● **Problem details**
Copy out the entries that follow exactly, leaving every picture behind.

(Images for object localization)

%%

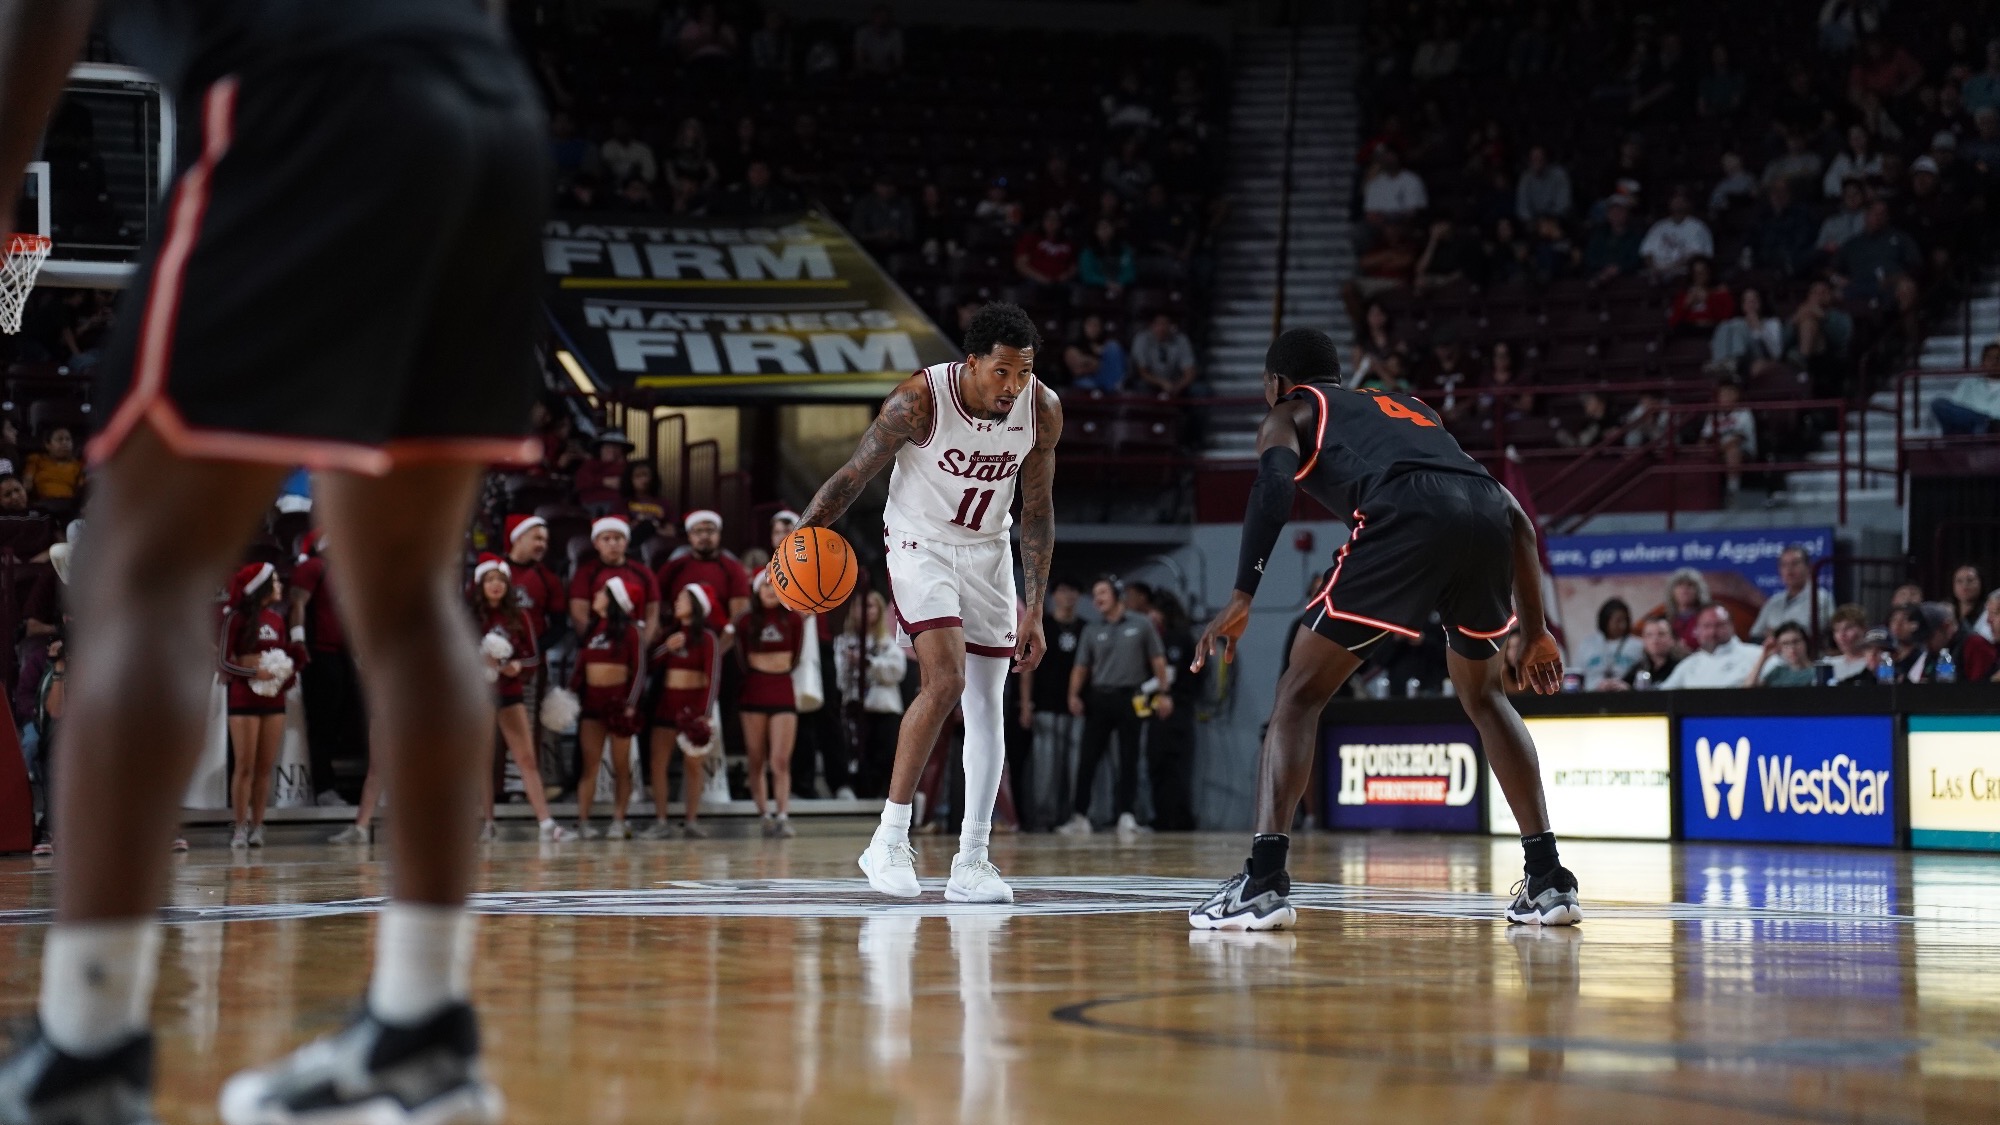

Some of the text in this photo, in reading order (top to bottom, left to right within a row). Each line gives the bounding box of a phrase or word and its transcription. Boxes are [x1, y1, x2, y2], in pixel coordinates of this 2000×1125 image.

[542, 238, 836, 281] FIRM
[583, 306, 898, 331] MATTRESS
[607, 328, 922, 374] FIRM
[1372, 395, 1438, 427] 4
[938, 448, 1019, 482] State
[950, 487, 996, 531] 11
[1590, 548, 1617, 569] go
[1619, 542, 1679, 563] where
[1682, 540, 1715, 561] the
[1338, 743, 1478, 806] HOUSEHOLD
[1757, 753, 1890, 816] WestStar

%%

● **Reply**
Some of the text in this photo, in reading order (top to bottom, left to right within a row). Each line gives the bounding box of a phrase or word and its transcription. Boxes are [x1, y1, x2, y2], in pixel coordinates of this 2000×1125 image.

[542, 238, 836, 281] FIRM
[583, 306, 898, 331] MATTRESS
[607, 328, 922, 374] FIRM
[1372, 395, 1438, 427] 4
[938, 448, 1019, 482] State
[950, 487, 996, 531] 11
[1590, 548, 1617, 569] go
[1619, 542, 1679, 563] where
[1682, 540, 1715, 561] the
[1338, 743, 1478, 806] HOUSEHOLD
[1757, 753, 1890, 816] WestStar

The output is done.